(Material supplied begins)

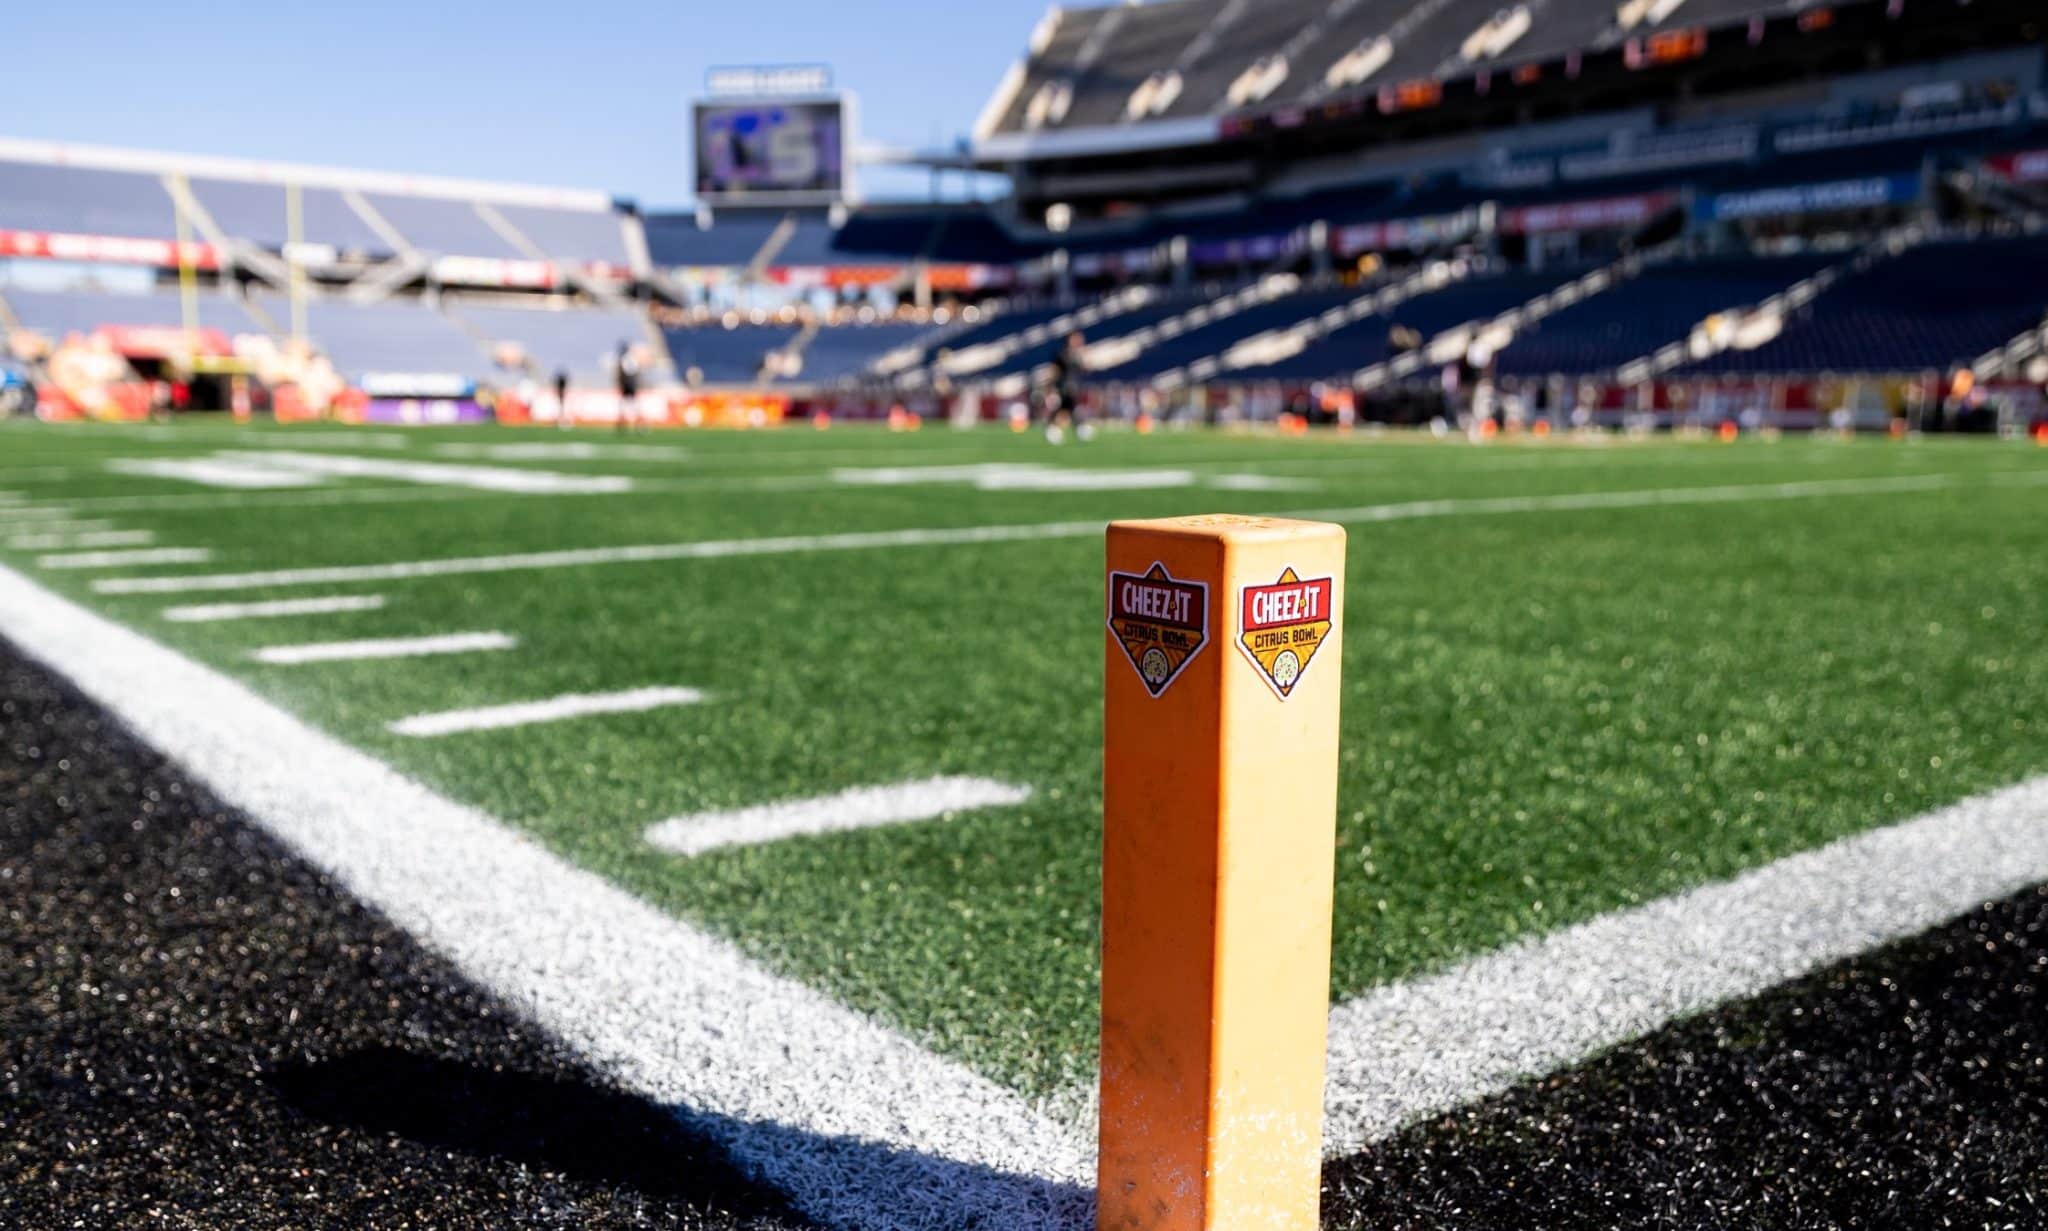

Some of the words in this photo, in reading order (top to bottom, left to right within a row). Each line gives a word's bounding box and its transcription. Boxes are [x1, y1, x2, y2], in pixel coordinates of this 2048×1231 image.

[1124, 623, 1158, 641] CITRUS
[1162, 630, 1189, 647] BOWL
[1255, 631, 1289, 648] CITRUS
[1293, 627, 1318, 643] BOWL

(Material supplied ends)

▶ _Work instructions_:
The response should consist of the entries above, given again exactly and free of pictures.

▶ _Response to the exercise_:
Some of the words in this photo, in reading order (top to bottom, left to right within a row). Each line gives a word's bounding box and its transcription. Boxes are [x1, y1, x2, y2], in pixel coordinates of this 2048×1231 image.

[1124, 623, 1158, 641] CITRUS
[1162, 630, 1189, 647] BOWL
[1255, 631, 1289, 648] CITRUS
[1293, 627, 1318, 643] BOWL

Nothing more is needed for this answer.